**WORK TO BE COMPLETED:** Please retype every record below exactly, leaving the pictures out.

**EXTRACTED DATA:**
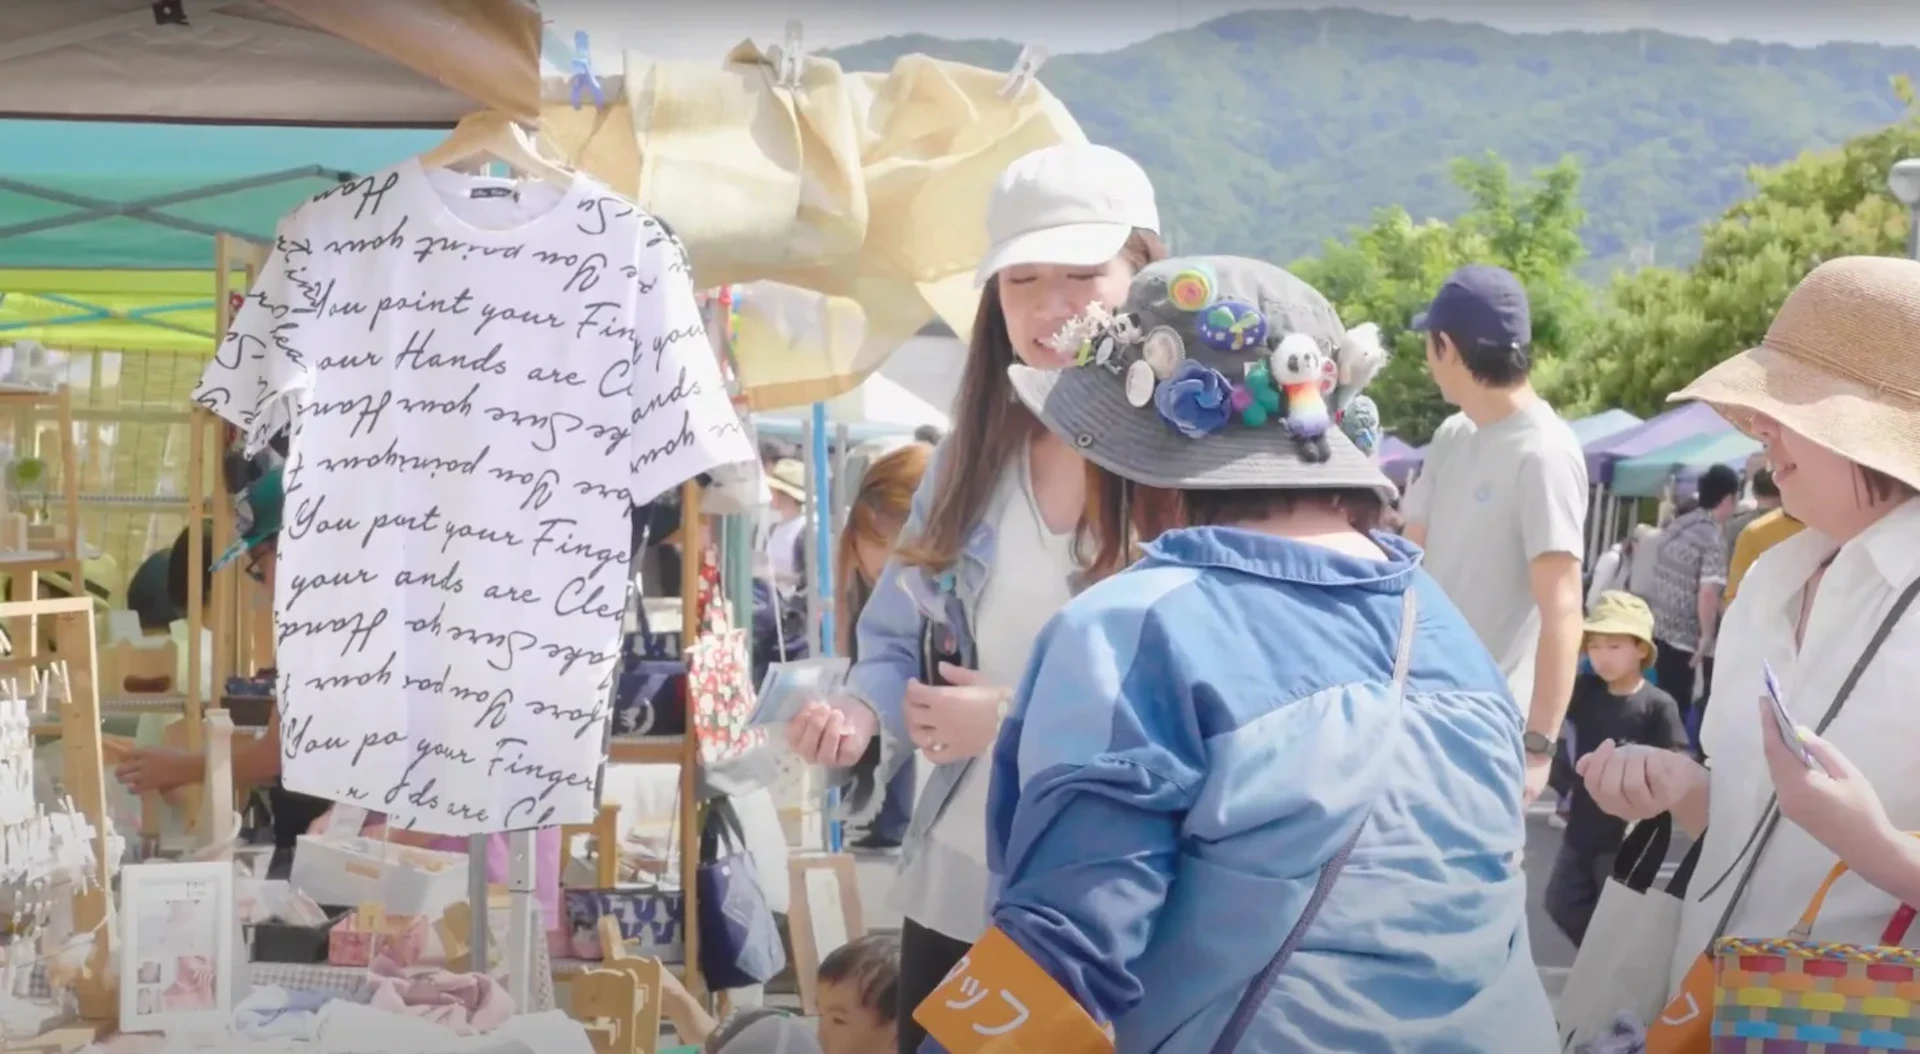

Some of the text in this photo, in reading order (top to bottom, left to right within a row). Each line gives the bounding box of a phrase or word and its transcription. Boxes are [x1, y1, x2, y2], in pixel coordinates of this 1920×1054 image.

[412, 237, 526, 263] point
[370, 288, 474, 331] point
[477, 301, 566, 336] your
[316, 351, 384, 371] our
[396, 331, 507, 374] Hands
[527, 366, 586, 385] are
[397, 383, 480, 418] your
[485, 405, 583, 450] Sure
[487, 467, 560, 510] You
[289, 495, 360, 540] You
[441, 521, 523, 554] your
[286, 569, 378, 611] your
[484, 586, 541, 603] are
[447, 626, 536, 671] Sure
[305, 651, 397, 693] your
[449, 686, 513, 729] You

**SOLVED PROBLEM:**
Some of the text in this photo, in reading order (top to bottom, left to right within a row). Each line gives the bounding box of a phrase or word and its transcription. Boxes are [x1, y1, x2, y2], in pixel coordinates of this 1920×1054 image.

[412, 237, 526, 263] point
[370, 288, 474, 331] point
[477, 301, 566, 336] your
[316, 351, 384, 371] our
[396, 331, 507, 374] Hands
[527, 366, 586, 385] are
[397, 383, 480, 418] your
[485, 405, 583, 450] Sure
[487, 467, 560, 510] You
[289, 495, 360, 540] You
[441, 521, 523, 554] your
[286, 569, 378, 611] your
[484, 586, 541, 603] are
[447, 626, 536, 671] Sure
[305, 651, 397, 693] your
[449, 686, 513, 729] You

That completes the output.